BEGIN

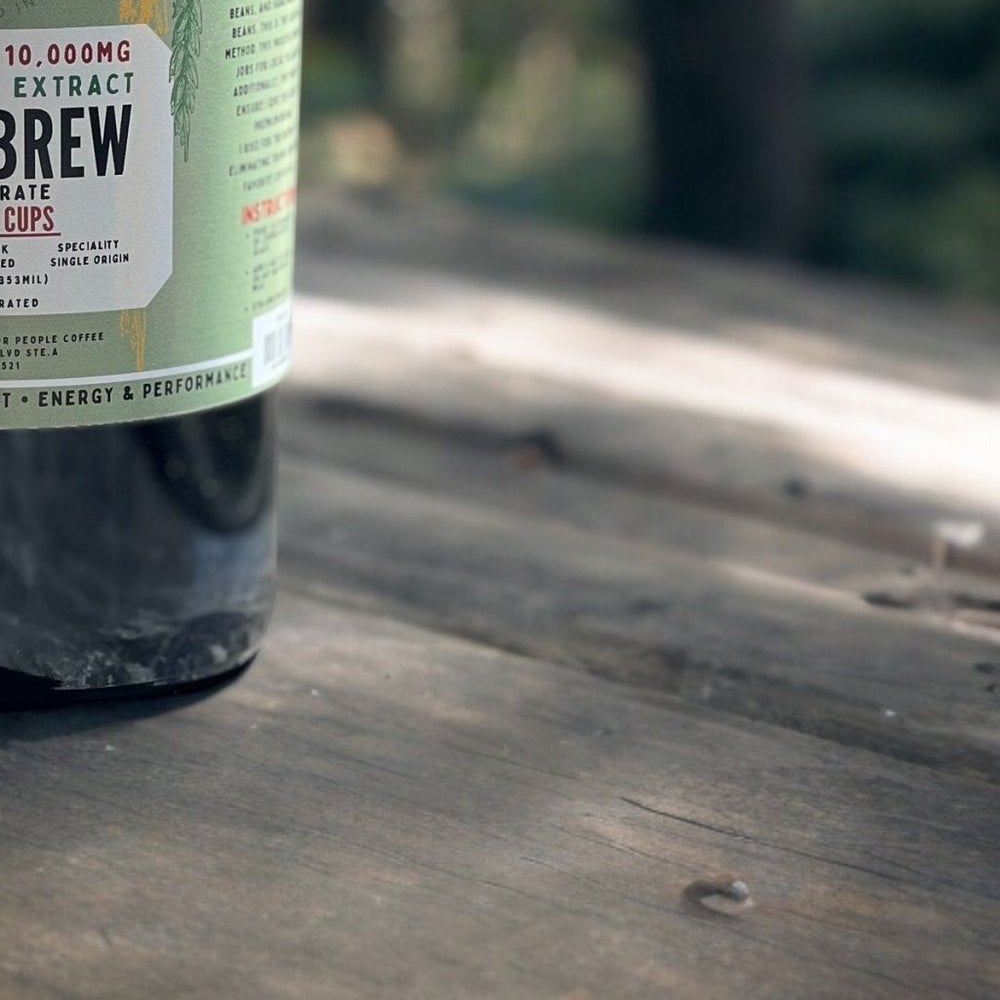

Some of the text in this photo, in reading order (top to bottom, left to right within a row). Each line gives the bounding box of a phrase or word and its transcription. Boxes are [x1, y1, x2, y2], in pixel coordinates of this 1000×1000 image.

[5, 40, 131, 67] 10,000MG
[225, 44, 256, 60] METHOD
[14, 72, 135, 97] EXTRACT
[4, 205, 56, 232] CUPS
[57, 239, 119, 253] SPECIALITY
[50, 253, 129, 268] SINGLE ORIGIN
[15, 335, 57, 344] PEOPLE
[63, 332, 105, 343] COFFEE
[26, 347, 59, 357] STE.A
[38, 387, 114, 407] ENERGY
[123, 386, 134, 401] &
[143, 362, 247, 399] PERFORMANCE
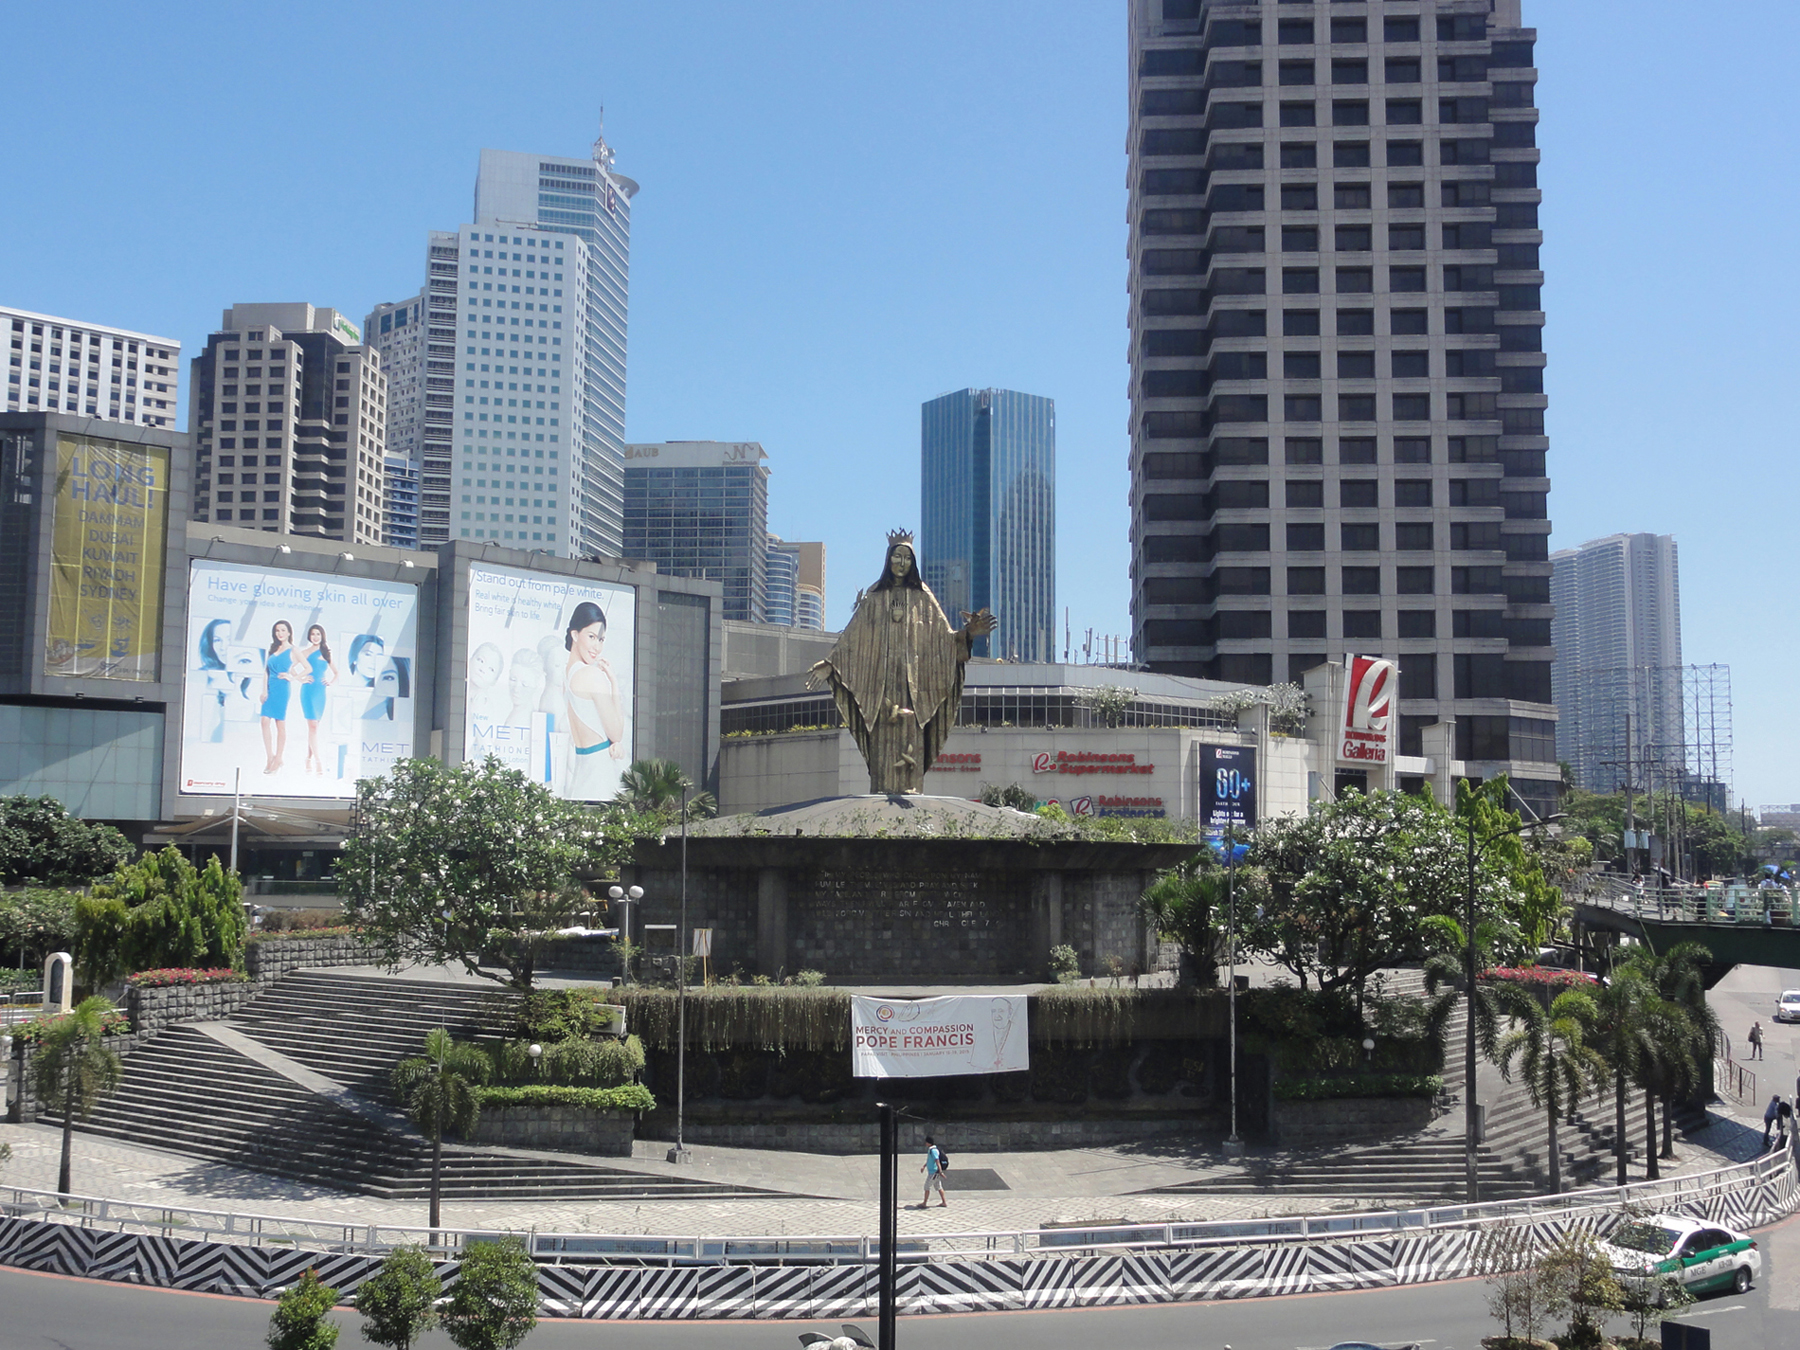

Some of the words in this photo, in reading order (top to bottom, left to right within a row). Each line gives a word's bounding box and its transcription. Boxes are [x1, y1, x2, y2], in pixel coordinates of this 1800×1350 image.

[72, 457, 155, 487] LONG
[71, 479, 154, 509] HAUL!
[78, 509, 145, 529] DAMMAM
[88, 529, 135, 546] DUBAI
[82, 546, 139, 565] KUWAIT
[82, 565, 136, 583] RIYADH
[80, 583, 138, 601] SYDNEY
[207, 576, 248, 593] Have
[253, 582, 312, 602] glowing
[317, 589, 346, 603] skin
[351, 592, 368, 605] all
[372, 597, 403, 609] over
[476, 569, 507, 586] Stand
[508, 578, 527, 589] out
[527, 577, 552, 593] from
[553, 583, 575, 597] pale
[577, 586, 605, 600] white.
[207, 594, 237, 604] Change
[475, 589, 491, 600] Real
[491, 592, 510, 604] white
[517, 596, 542, 610] healthy
[475, 602, 494, 617] Bring
[494, 605, 506, 616] fair
[521, 611, 529, 619] to
[473, 713, 489, 721] New
[473, 723, 530, 741] MET
[361, 741, 410, 754] MET
[473, 743, 530, 755] TATHIONE
[1343, 740, 1386, 761] Galleria
[361, 756, 397, 764] TATHIO
[936, 753, 982, 764] insons
[1057, 750, 1135, 763] Robinsons
[1058, 762, 1155, 776] Supermarket
[1098, 794, 1162, 807] Robinsons
[855, 1026, 889, 1035] MERCY
[909, 1024, 974, 1035] COMPASSION
[856, 1035, 898, 1048] POPE
[904, 1033, 974, 1048] FRANCIS
[1690, 1265, 1707, 1278] MGE
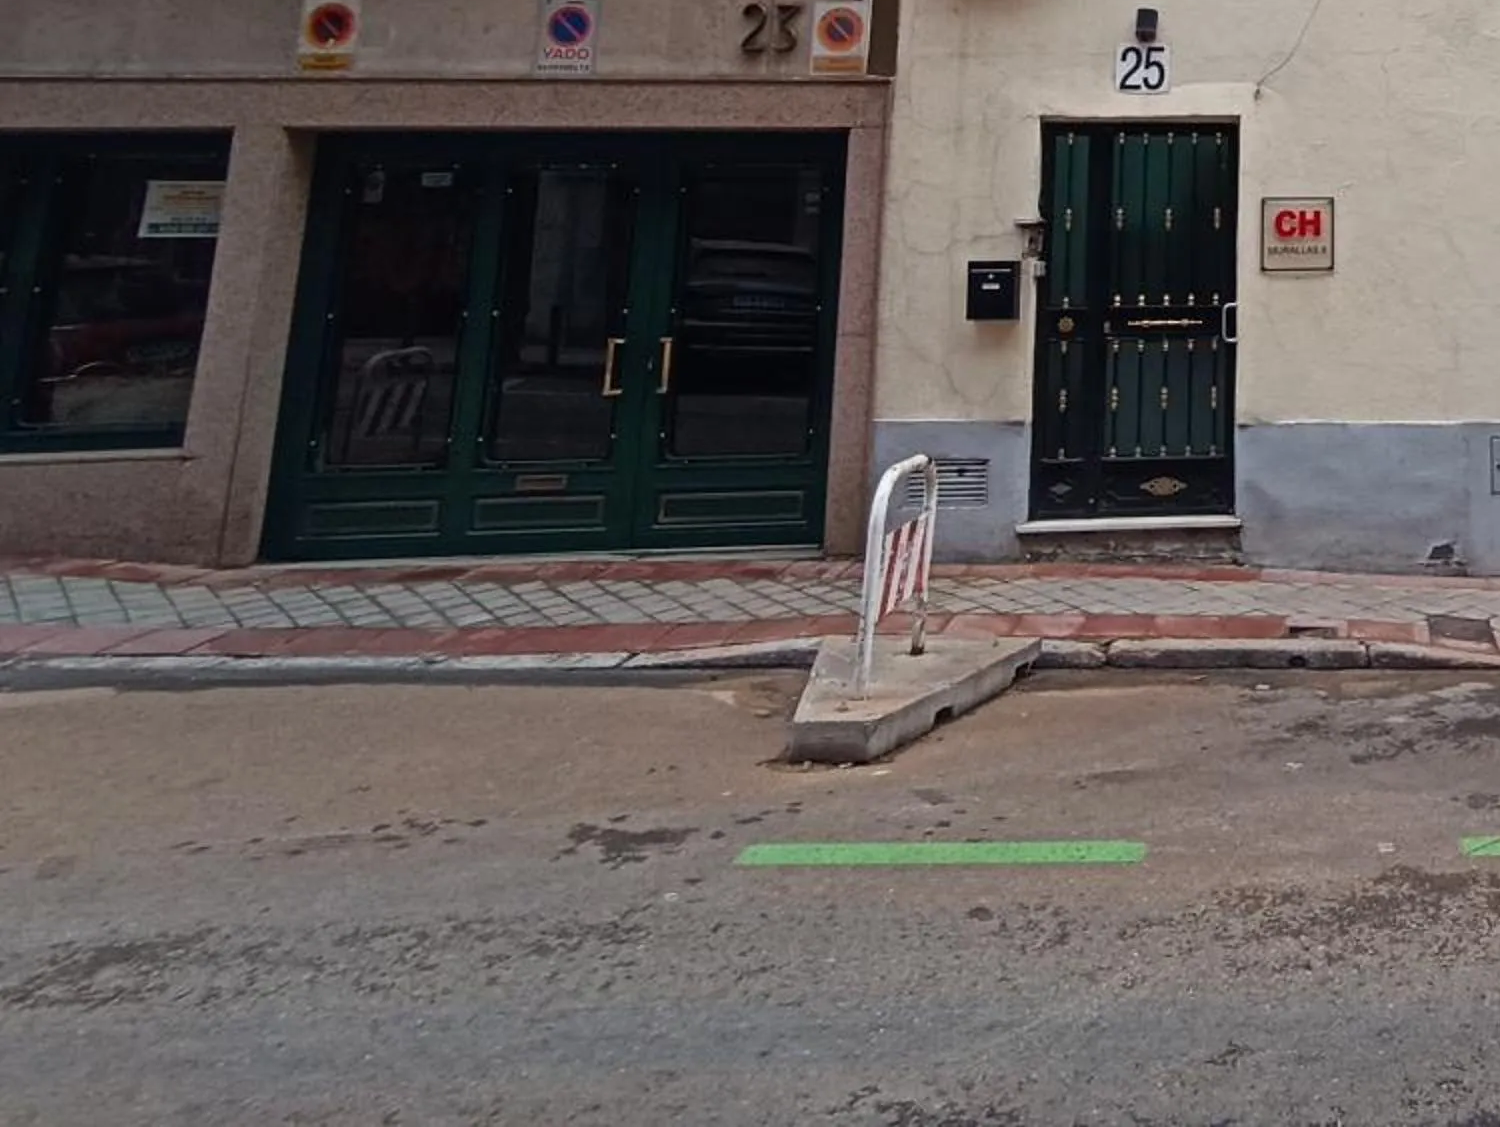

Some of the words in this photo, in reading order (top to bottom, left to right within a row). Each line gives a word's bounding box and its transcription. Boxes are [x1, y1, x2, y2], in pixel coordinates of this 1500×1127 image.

END

## Assigned task
An exact transcription of the records above is needed, with no pictures included.

## Exercise solution
Some of the text in this photo, in reading order (top to bottom, left to right within a row). Each line gives the bounding box of a phrase or word and its transcription. Boxes are [x1, y1, x2, y2], in pixel coordinates of this 1000×1000 image.

[5, 40, 131, 67] 10,000MG
[225, 44, 256, 60] METHOD
[14, 72, 135, 97] EXTRACT
[4, 205, 56, 232] CUPS
[57, 239, 119, 253] SPECIALITY
[50, 253, 129, 268] SINGLE ORIGIN
[15, 335, 57, 344] PEOPLE
[63, 332, 105, 343] COFFEE
[26, 347, 59, 357] STE.A
[38, 387, 114, 407] ENERGY
[123, 386, 134, 401] &
[143, 362, 247, 399] PERFORMANCE

Some of the words in this photo, in reading order (top to bottom, left to right within a row). Each line gives a word's bounding box and its transcription. Boxes are [x1, y1, x2, y2], in pixel coordinates of this 1800×1350 image.

[72, 457, 155, 487] LONG
[71, 479, 154, 509] HAUL!
[78, 509, 145, 529] DAMMAM
[88, 529, 135, 546] DUBAI
[82, 546, 139, 565] KUWAIT
[82, 565, 136, 583] RIYADH
[80, 583, 138, 601] SYDNEY
[207, 576, 248, 593] Have
[253, 582, 312, 602] glowing
[317, 589, 346, 603] skin
[351, 592, 368, 605] all
[372, 597, 403, 609] over
[476, 569, 507, 586] Stand
[508, 578, 527, 589] out
[527, 577, 552, 593] from
[553, 583, 575, 597] pale
[577, 586, 605, 600] white.
[207, 594, 237, 604] Change
[475, 589, 491, 600] Real
[491, 592, 510, 604] white
[517, 596, 542, 610] healthy
[475, 602, 494, 617] Bring
[494, 605, 506, 616] fair
[521, 611, 529, 619] to
[473, 713, 489, 721] New
[473, 723, 530, 741] MET
[361, 741, 410, 754] MET
[473, 743, 530, 755] TATHIONE
[1343, 740, 1386, 761] Galleria
[361, 756, 397, 764] TATHIO
[936, 753, 982, 764] insons
[1057, 750, 1135, 763] Robinsons
[1058, 762, 1155, 776] Supermarket
[1098, 794, 1162, 807] Robinsons
[855, 1026, 889, 1035] MERCY
[909, 1024, 974, 1035] COMPASSION
[856, 1035, 898, 1048] POPE
[904, 1033, 974, 1048] FRANCIS
[1690, 1265, 1707, 1278] MGE

Some of the words in this photo, in reading order (top to bottom, left to right within a row). Each line gives a word's bounding box and its transcription. Boxes are [x1, y1, x2, y2], in pixel coordinates of this 1500×1127 image.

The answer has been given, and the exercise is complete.